I agree. I also don’t have a good mental model of what is happening, as
there is an interaction between the Ruby threads and the wx library. I
wish I could say I understood this. The following is the result only of
some experimentation, so please treat with caution!
My belief is that things should happen as you describe. When using
wxRuby, the code is using the GUI thread, which is why we must put the
heavy computation in its own thread and use a Timer. The Timer is there
so that the GUI thread wakes up every specified interval, updates the
displays/responds to events, and then passes control back to the Thread.

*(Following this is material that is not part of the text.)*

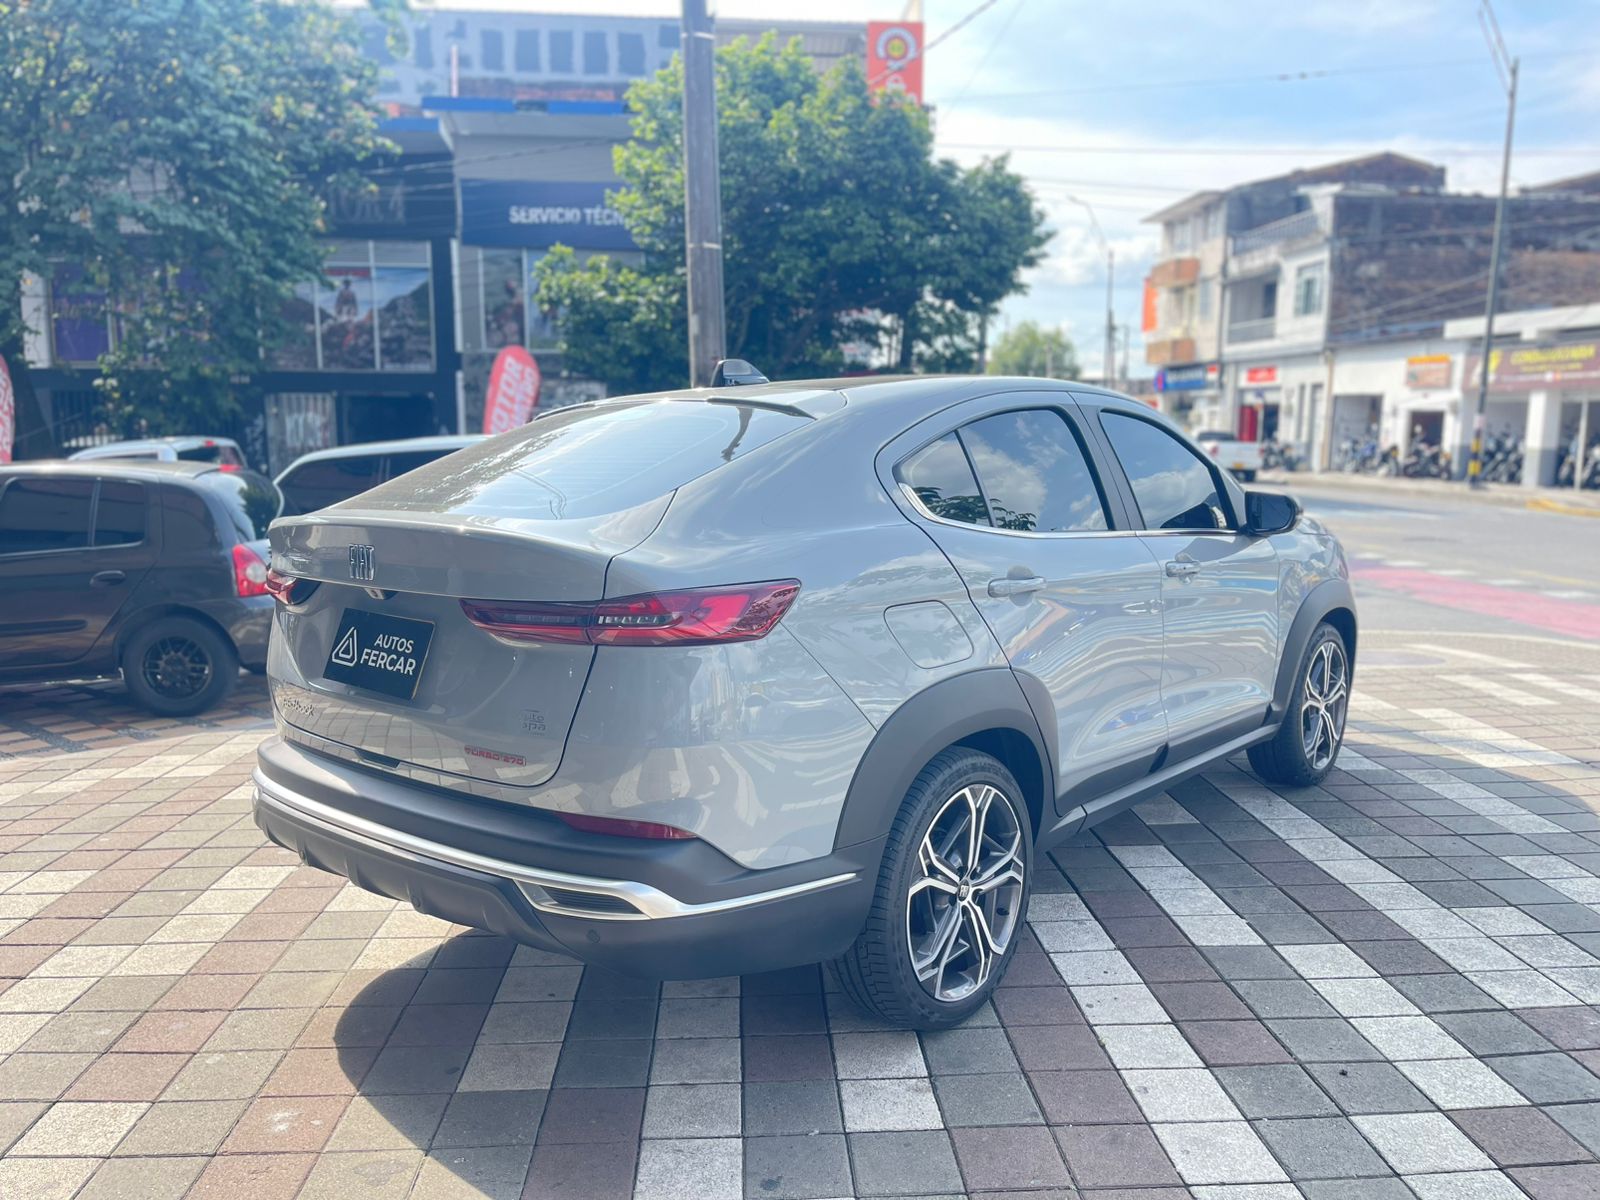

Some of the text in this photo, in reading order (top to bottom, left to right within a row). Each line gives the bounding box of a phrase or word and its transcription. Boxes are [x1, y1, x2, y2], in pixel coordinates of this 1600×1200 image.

We have to make our own Timer (unlike with, for example, Java/Swing)
because of the separation between Ruby and the wx library, but that’s
where it gets hazy for me. I don’t think my previous example properly
captured that separation, because a GUI update is being done in the
computation Thread, and this perhaps makes the approach slow in your
case.
I experimented with my code from before, replacing the ‘sleep’ method
with an intensive computation which returns partial results as it goes
along. The best approach I could find, both in computing time and
conceptually, was to move all the GUI updates into the Timer, and to
reduce the calls to ‘append_text’ by aggregating the results. About
this last point, adding 100_000 lines to the text control separately
made the program 50 times slower than concatenating the same 100_000
lines and adding them to the text control in one go.

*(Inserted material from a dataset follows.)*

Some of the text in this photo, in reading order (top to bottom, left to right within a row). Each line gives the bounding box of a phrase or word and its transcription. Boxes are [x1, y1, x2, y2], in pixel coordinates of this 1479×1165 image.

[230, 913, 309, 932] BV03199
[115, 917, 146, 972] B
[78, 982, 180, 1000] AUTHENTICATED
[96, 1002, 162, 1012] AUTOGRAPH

My test code now looks like the following:
class MyFrame < Wx::Frame
def initialize
super(nil, :title => “Heavy Computation Example”)
@text_field = Wx::TextCtrl.new(self, :style => Wx::TE_MULTILINE)
button = Wx::Button.new(self, :label => "Show Values")
evt_button(button) {print_value}
main_sizer = Wx::BoxSizer.new Wx::VERTICAL
main_sizer.add @text_field
main_sizer.add button
set_sizer main_sizer
@results = [] # for collecting the results
together
# all the GUI updating is done here
Wx::Timer.every(100) do # wake up every
100ms
@text_field.append_text “#{@results.join(”\n")}" # add text en
bloc
@results = [] # and clear
results
Thread.pass # return to
calculation
end
end
def print_value
# all the computation is done here
Thread.new do
sum = 0
1.upto(N-1) do |i|
sum += 1 if lots_of_work i # this is the ‘busy computation’
@results << sum # collect the result
end
end
end
end
I quite like the final code. There’s a conceptual separation of GUI
update and computation: it’s a traditional model-view separation. The
GUI is updated only every 100ms, reporting every intermediate result,
and the computation time(*) is indistinguishable from that of doing the
calculation from a non-GUI Ruby program (although I’ve not tried
anything taking longer than 10 seconds).
Getting back to your application, my suggestion is to move the
‘write_text’ call out of the ‘intensive_routine’ and into the timer
block. Then, reduce the number of calls to ‘write_text’ by collecting
the update lines together, and join them to add in a single call to
‘write_text’.
Let me know if this is a better/worse solution for you.
cheers,
Peter.
(*) Note, I did find execution times for the wxRuby program when the
Thread was run a second or third time were dramatically quicker than the
first run. I’m not sure why, or what to do about it.